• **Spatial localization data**
+--
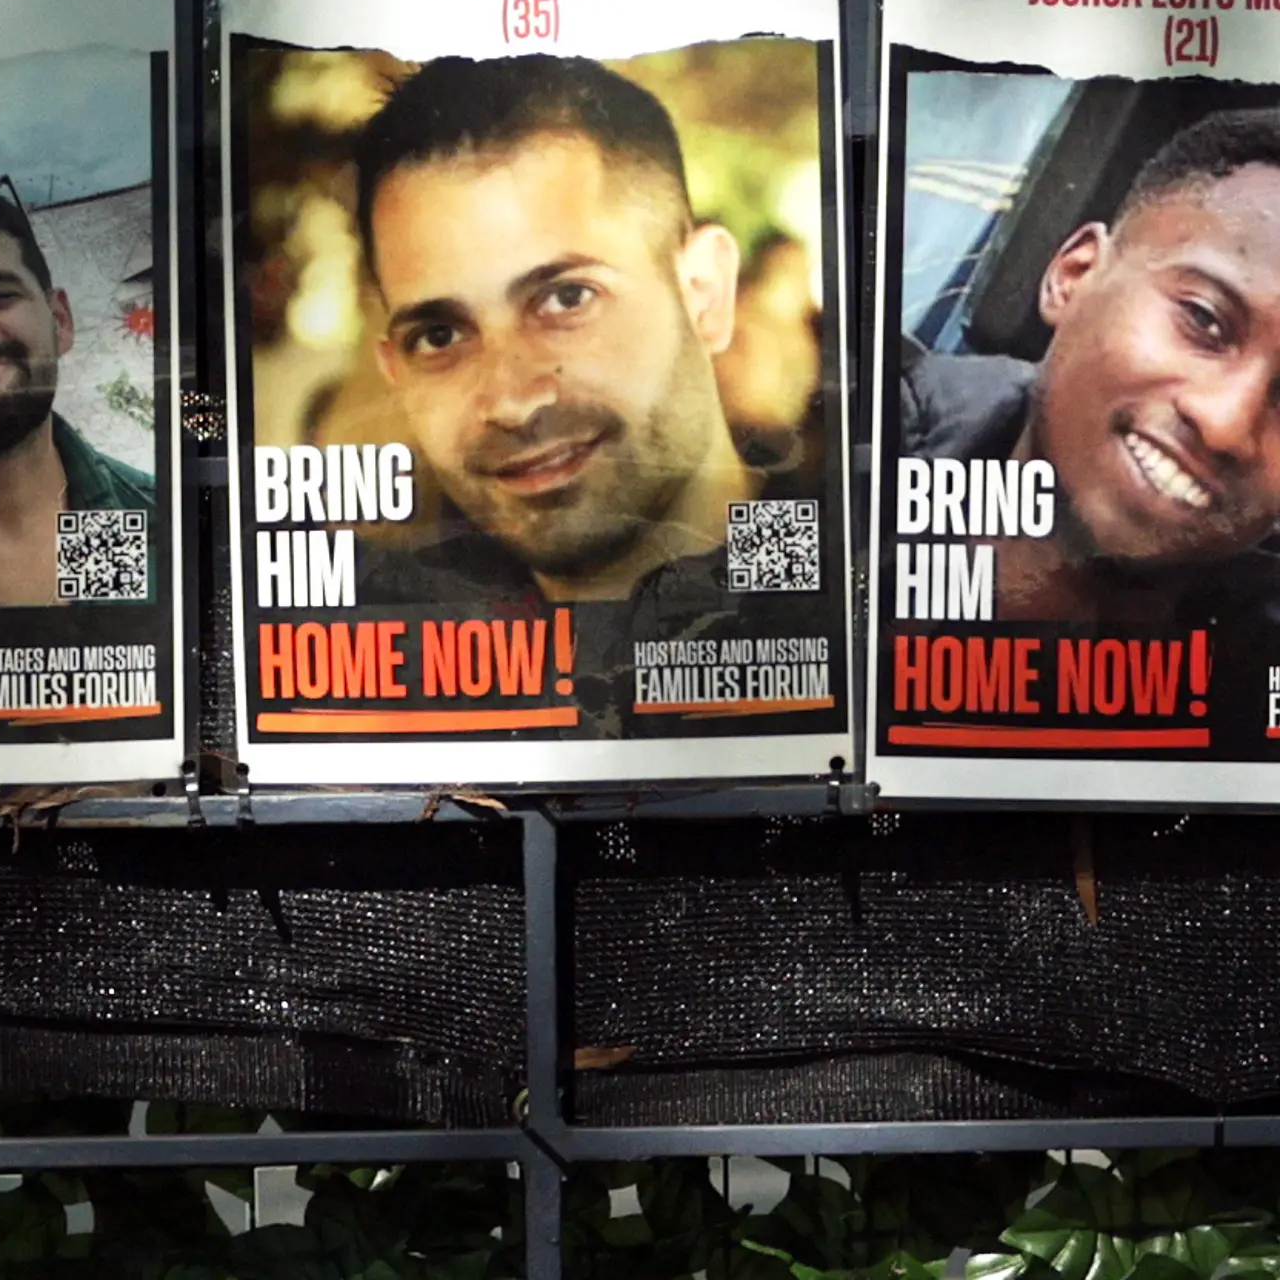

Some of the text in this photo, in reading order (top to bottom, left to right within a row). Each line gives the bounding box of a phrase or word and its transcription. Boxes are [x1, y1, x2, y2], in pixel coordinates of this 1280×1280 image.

[1164, 18, 1218, 66] (21)
[895, 457, 1055, 538] BRING
[895, 543, 993, 621] HIM
[46, 646, 80, 671] AND
[83, 645, 155, 670] MISSING
[635, 637, 828, 666] HOSTAGES AND MISSING
[72, 671, 156, 708] FORUM
[635, 664, 829, 703] FAMILIES FORUM
[893, 629, 1212, 718] HOME NOW!
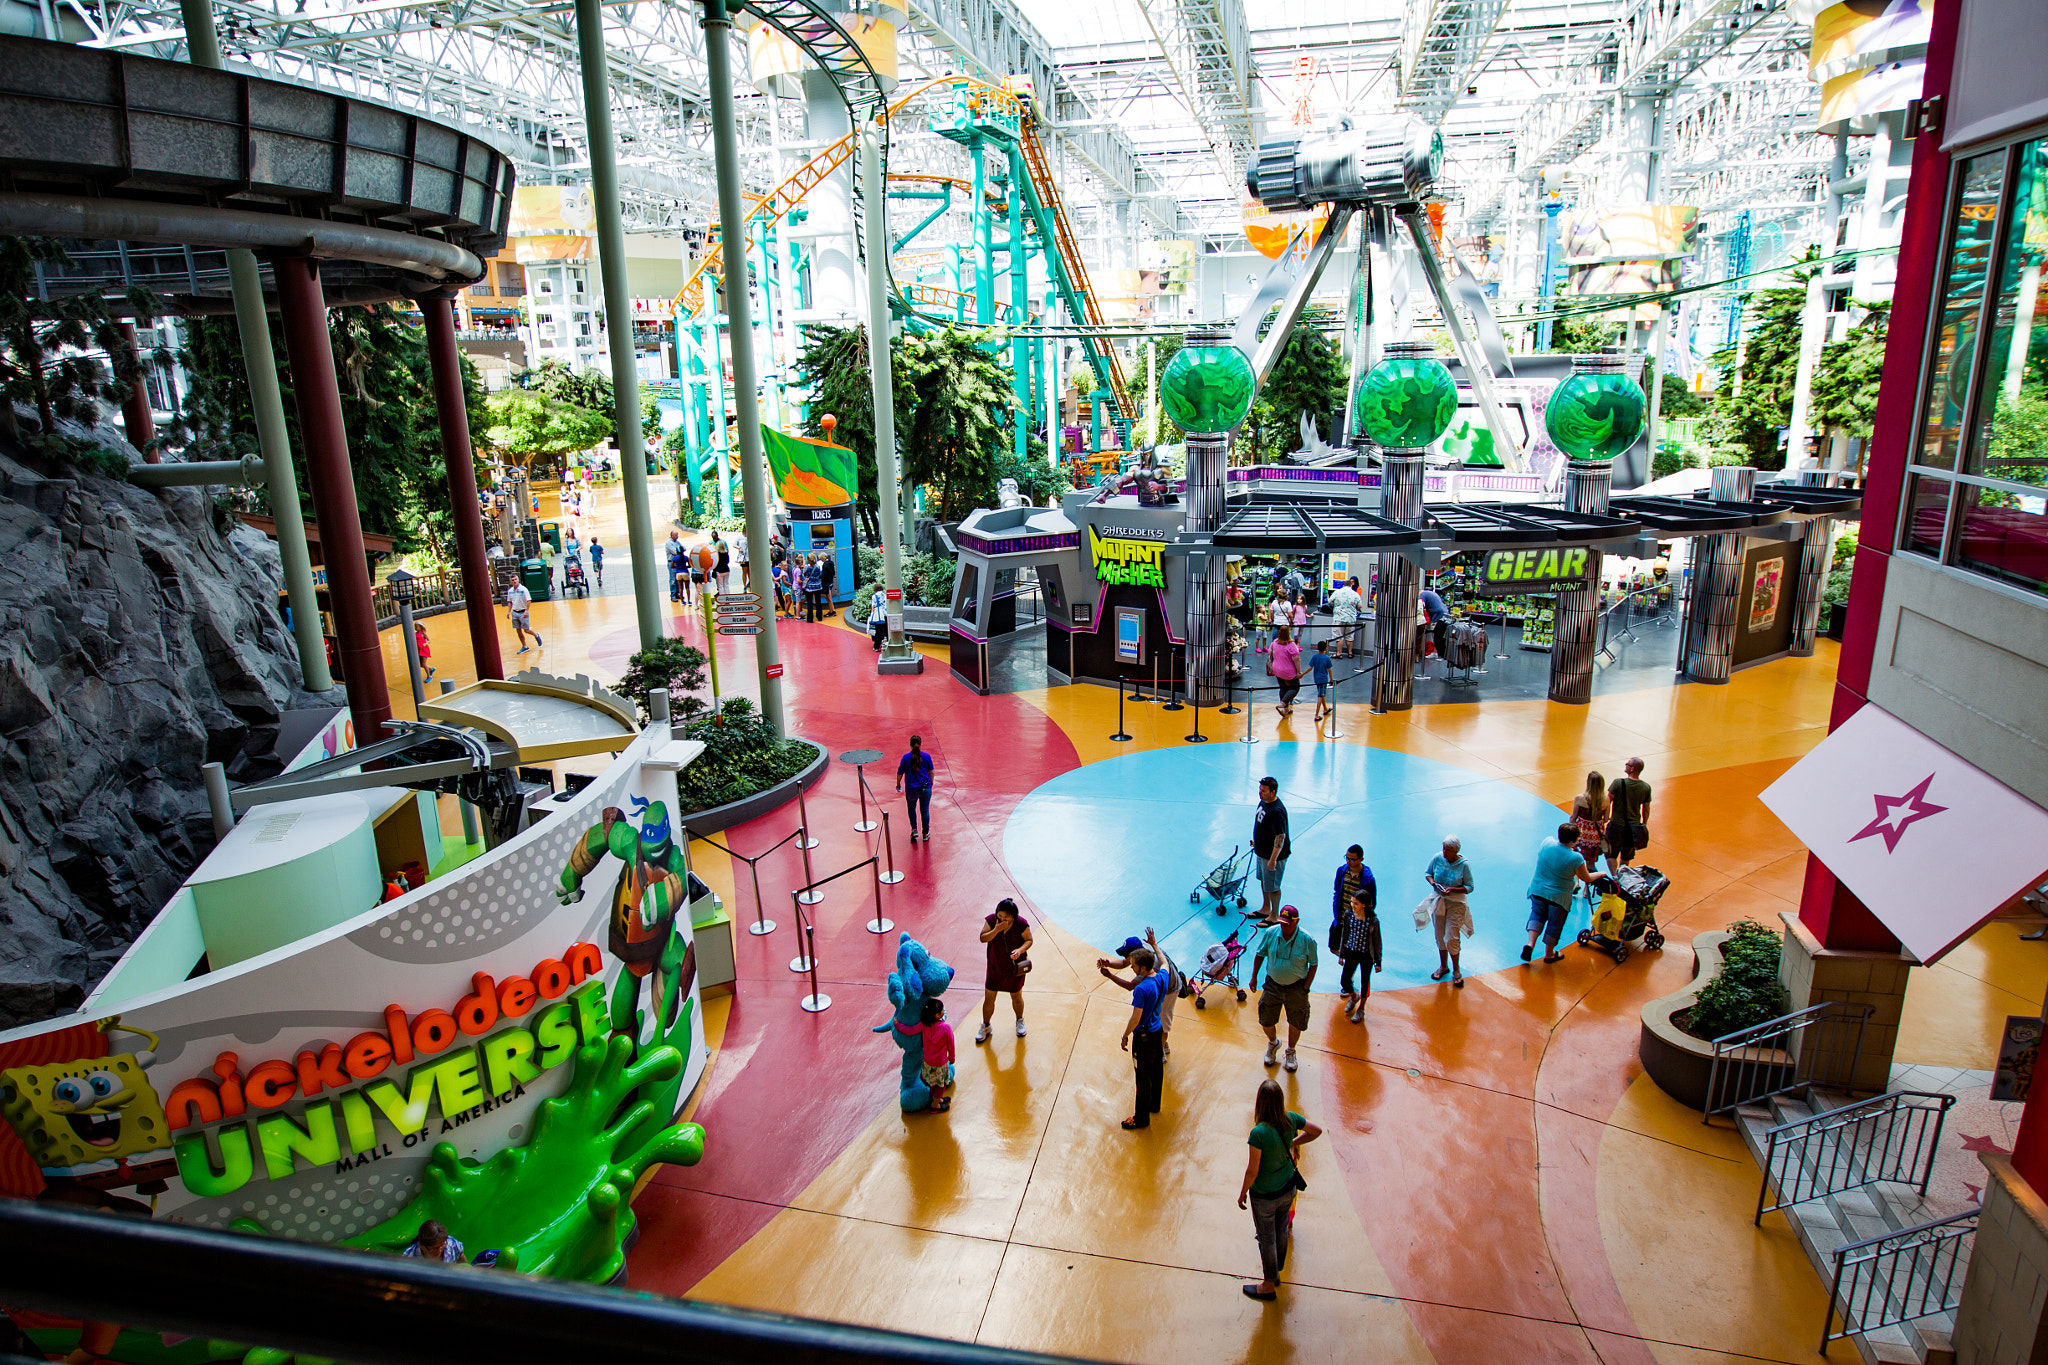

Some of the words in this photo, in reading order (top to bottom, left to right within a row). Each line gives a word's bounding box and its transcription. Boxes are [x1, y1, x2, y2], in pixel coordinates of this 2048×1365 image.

[811, 509, 831, 519] TICKETS
[1103, 525, 1164, 538] SHREDDER'S
[1088, 529, 1165, 572] MUTANT
[1487, 548, 1588, 580] GEAR
[1097, 559, 1165, 588] MASHER
[1549, 581, 1582, 592] MUTANT
[165, 941, 603, 1131] nickelodeon
[174, 980, 611, 1198] UNIVERSE
[335, 1142, 393, 1175] MALL
[402, 1128, 431, 1150] OF
[440, 1084, 526, 1135] AMERICA
+--
• **YOUR TASK**
The answer should hold the lines from the one containing "Some of the words" through the end of the entries above, set down exactly, with both ends included.

• **YOUR RESPONSE**
Some of the words in this photo, in reading order (top to bottom, left to right within a row). Each line gives a word's bounding box and its transcription. Boxes are [x1, y1, x2, y2], in pixel coordinates of this 2048×1365 image.

[811, 509, 831, 519] TICKETS
[1103, 525, 1164, 538] SHREDDER'S
[1088, 529, 1165, 572] MUTANT
[1487, 548, 1588, 580] GEAR
[1097, 559, 1165, 588] MASHER
[1549, 581, 1582, 592] MUTANT
[165, 941, 603, 1131] nickelodeon
[174, 980, 611, 1198] UNIVERSE
[335, 1142, 393, 1175] MALL
[402, 1128, 431, 1150] OF
[440, 1084, 526, 1135] AMERICA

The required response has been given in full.